We have already considered his argument as it bore on the men of his own time; we have now to make its application to our own age. As his custom is, the Preacher does not develop his argument in open logical sequence; he does not write a moral essay, but paints us a dramatic picture.

The Quest in Wealth. Ch. vi.

He depicts a man who trusts in riches, who honestly believes that wealth is the chief Good, or, at lowest, the way to it. This man has laboured diligently and dexterously to acquire affluence, and he has acquired it. Like the rich man of the Parable, he has much goods, and barns that grow fuller as they grow bigger. "God has given213 him riches and wealth and abundance, so that his soul"—not having learned how to look for anything higher—"lacks nothing of all that it desireth."

The Man who makes Riches his Chief Good is haunted by Fears and Perplexities. Ch. vi., vv. 1-6.

He has reached his aim, then, acquired what he holds to be good. Can he not be content with it? No; for though he bids his soul make merry and be glad, it obstinately refuses to obey. It is darkened with perplexities, haunted by vague longings, fretted and stung with perpetual care. Now that he has his riches, he goes in dread lest he should lose them; he is unable to decide how he may best employ them, or how to dispose of them when he must leave them behind him. God has given them to him; but he is not at all sure that God will show an equal wisdom in giving them to some one else when he is gone. And so the poor rich man sits steeped in wealth up to his chin—up to his chin, but not up to his lips, for he has no "power to enjoy" it.
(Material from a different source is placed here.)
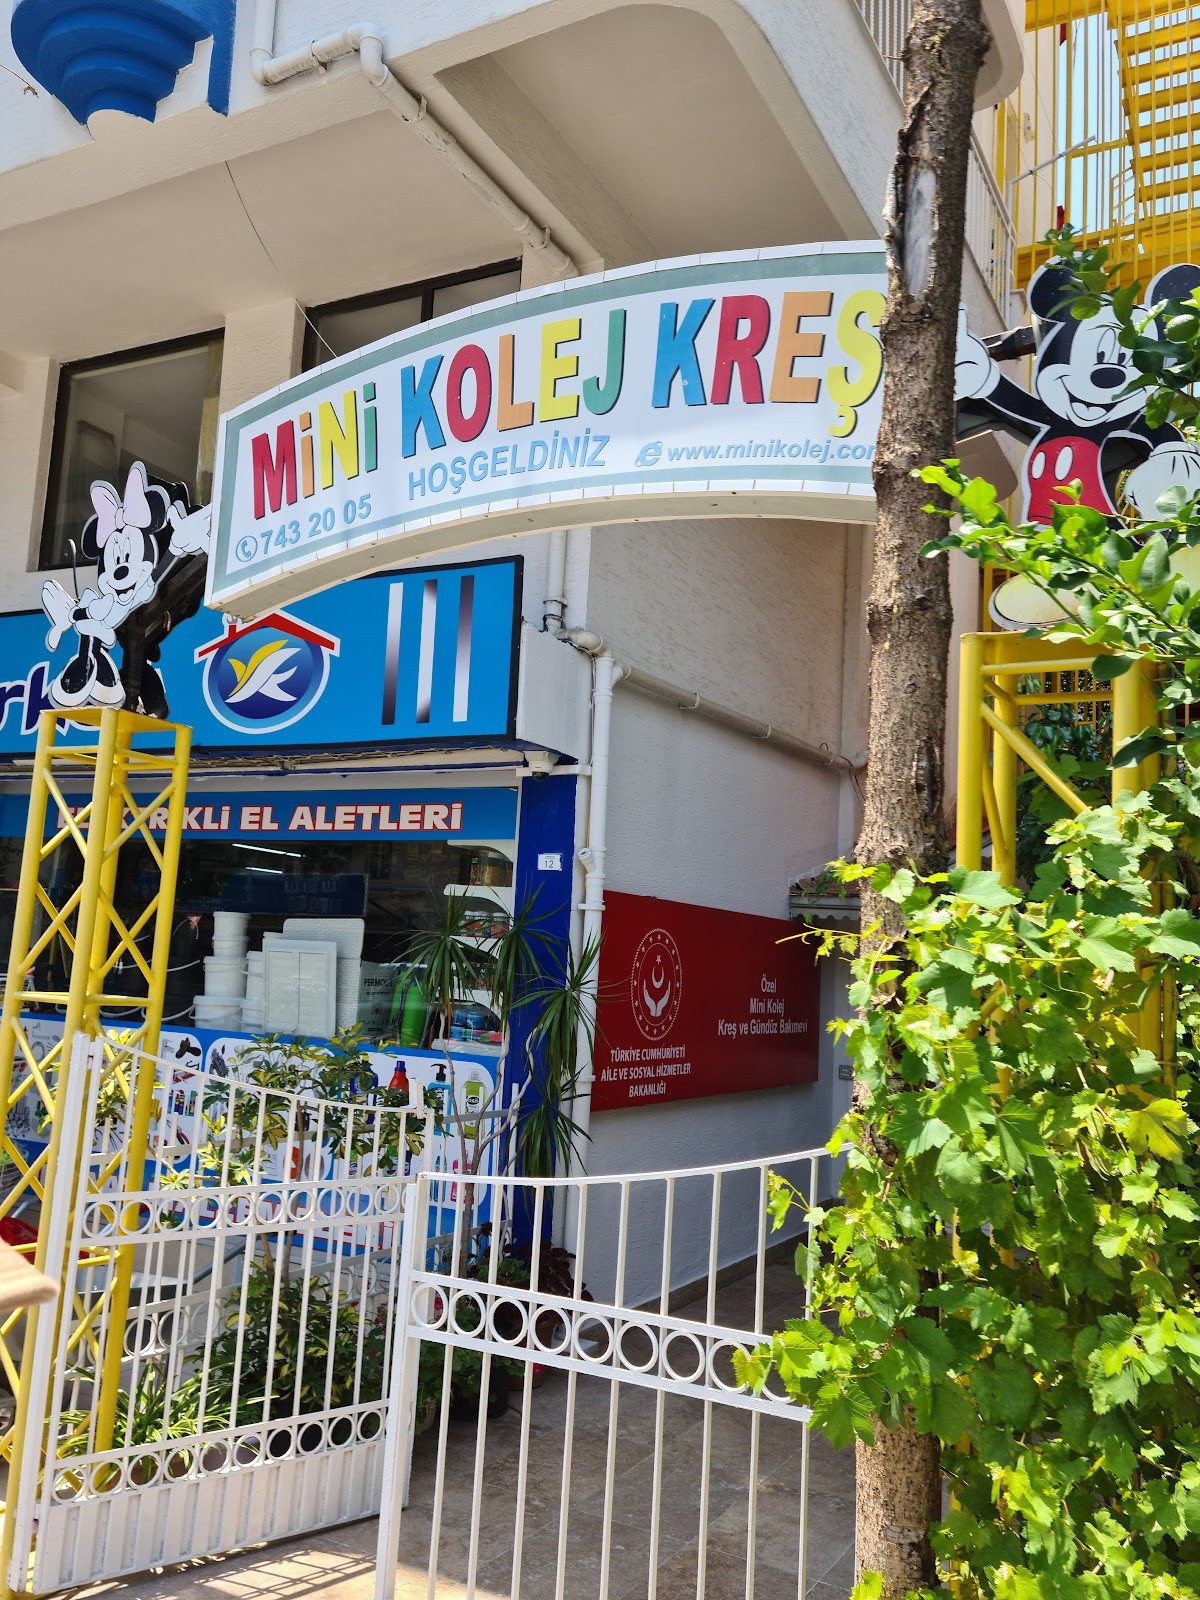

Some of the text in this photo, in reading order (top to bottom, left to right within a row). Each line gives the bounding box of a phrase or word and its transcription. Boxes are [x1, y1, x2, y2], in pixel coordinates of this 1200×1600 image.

Burdened with jealous care, he grudges that others should share what he cannot enjoy, grudges above all that, when he is dead, another should possess what has been of so little comfort to him. "If thou art rich," says Shakespeare,

"thou art poor;

For like an ass whose back with ingots bows,

Thou bearest thy heavy riches but a journey,

And Death unloads thee."


But our rich man is not only like an ass; he is even more stupid: for the ass would not have his back bent even with golden ingots if he could help it, and is only too thankful when the burden is lifted from his back; while the rich man not only will plod on beneath his heavy load, but, in his dread of being unladen at his journey's end, imposes on himself a burden heavier than all his ingots, and will bear that as well as his gold. He creeps along beneath his double load, and brays quite pitifully if you so much as put out a hand to ease him.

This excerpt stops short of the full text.